Recent research suggests that there are five types of excessive drinking disorder and also reveals which is more prominent at certain ages.
AUD is described as a chronic brain disease that keeps on relapsing, wherein the person compulsively drinks to the extent that it hampers the daily life. But AUD is more complicated than a person just over drinking.
New study  has further extended the issue of problematic drinking. Within AUD, there are 5 types of excessive drinking, says the study and this has been featured on the journal “Alcohol and Alcoholism”. And each type has its own set of symptoms and is more common at certain specific ages.
The new study was led by Ashley-Linden-Carmichael, assistant professor, Pennsylvania State University in State College, PA
5 AUD Profiles Related to Age
Linden and colleagues studied around 5,000 participants between the ages 18-64, who were enrolled in the National Epidemiologic Survey on Alcohol and Related Conditions and were meeting the criterion for AUD in the past year.
Researchers made use of a new method called latent class analysis to examine the subtypes or profiles of people having AUD grouping those who shared the symptoms and drank too much. Five AUD classes were revealed:
- “Alcohol-induced injury”: This was seen in 25% of the patients. People in this type engaged in risky behavior and may have landed in dangerous situations that could have caused injury.
- “The Adverse Effects Only”: It could be seen in 34% of the patients who reported alcohol withdrawal symptoms and hangovers.
- “Highly problematic, low perceived life interference”: 21% of the participants fall in this category. People in this group said that drinking alcohol did not interfere with their daily lives and did not affect family, social obligations, work, but they did experience a lot of AUD symptoms.
- “Difficult cutting back”: 13% of the people can be categorized in this group. As the name suggests, they had a tough time cutting back on their alcohol consumption.
- “Highly Problematic”: This makes up 7% of the individuals and they experienced all the symptoms of AUD.

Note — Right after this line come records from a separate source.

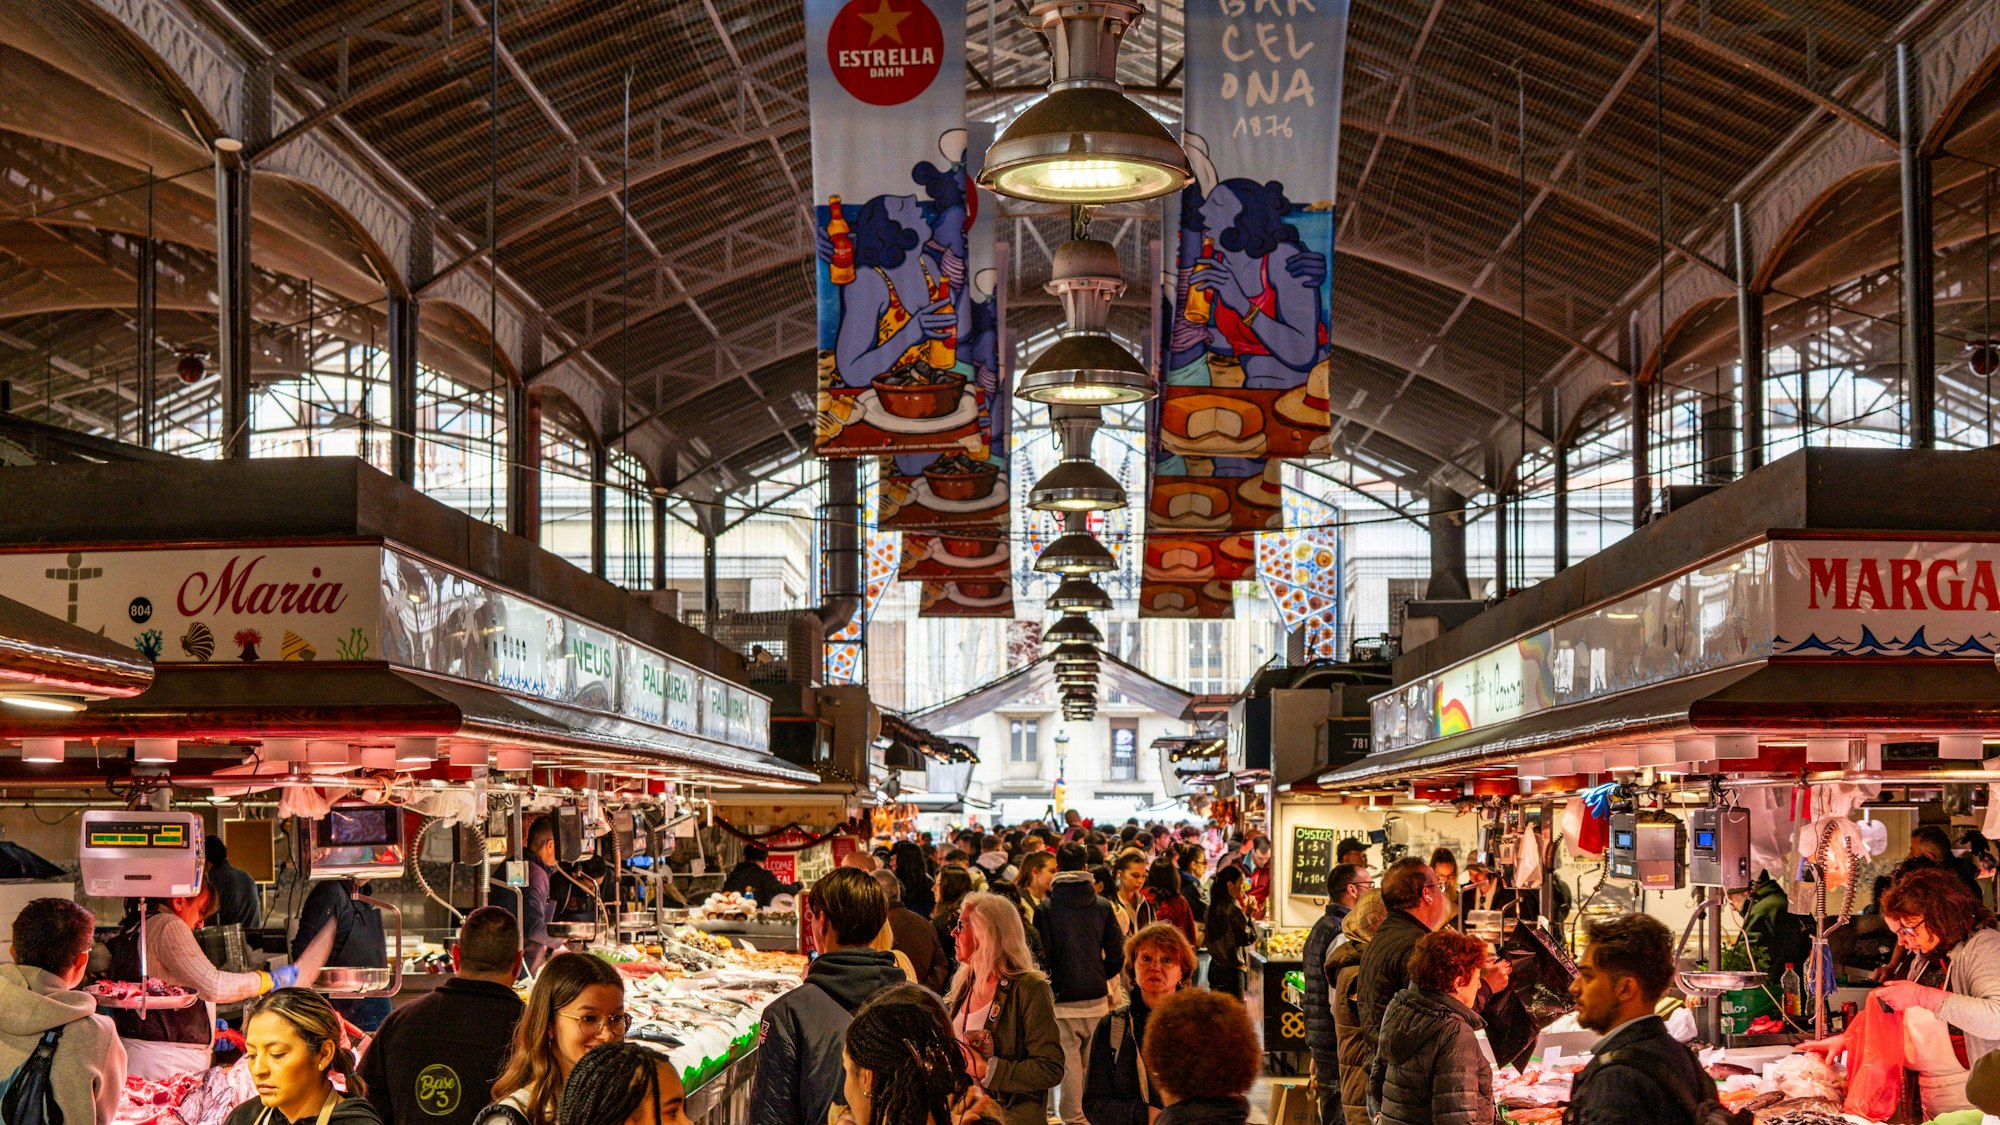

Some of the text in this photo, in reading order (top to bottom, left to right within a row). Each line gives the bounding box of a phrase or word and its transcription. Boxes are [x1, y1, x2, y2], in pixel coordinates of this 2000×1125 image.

[1222, 23, 1315, 62] CEL
[838, 46, 935, 68] ESTRELLA
[869, 66, 905, 78] DAMM
[1221, 68, 1314, 107] ONA
[1232, 115, 1293, 138] 1876
[176, 555, 348, 617] Maria
[1807, 557, 2000, 611] MARGA
[130, 605, 151, 617] 804
[573, 637, 612, 678] NEUS
[643, 663, 688, 705] PALMIRA
[1352, 737, 1368, 749] 781
[1295, 828, 1333, 841] OYSTER
[420, 1074, 455, 1100] Base
[436, 1090, 449, 1108] 3

Further, the analysis suggested how common the profile was at different ages. Among the younger adults “Highly Problematic, low perceived life interference” and “The Adverse Effects Only” were more prevalent. The authors add that as the age increased, “Alcohol-induced injury” and “Difficulty Cutting Back” became more prevalent. The authors say that the main implication for the findings is that we need a tailored treatment for people having AUD. Linden says that we must think beyond if someone has an alcohol use disorder and understand their struggles and help them if they are in a risky situation.
Moreover, the greatest risk for alcohol use disorder is among the young adults but is it is also a concern for people in the adulthood or middle age. They may be dealing with different aspects of drinking. When someone is a young adult, the person could be experiencing withdrawal symptoms and when someone is older, there may be struggles with alcohol-related injuries and cutting back on alcohol.
Linden-Carmichael adds that she wants to see if someone has some profile in the younger years, what happens to them later on? And this would guide future research.
If someone is in the class of “Adverse Effects Only” at 21, what happens to them at 60? Does it increase or slow down? The researcher concludes that if we could have a large study and then follow the recruits across age, it would be most beneficial and intuitive study.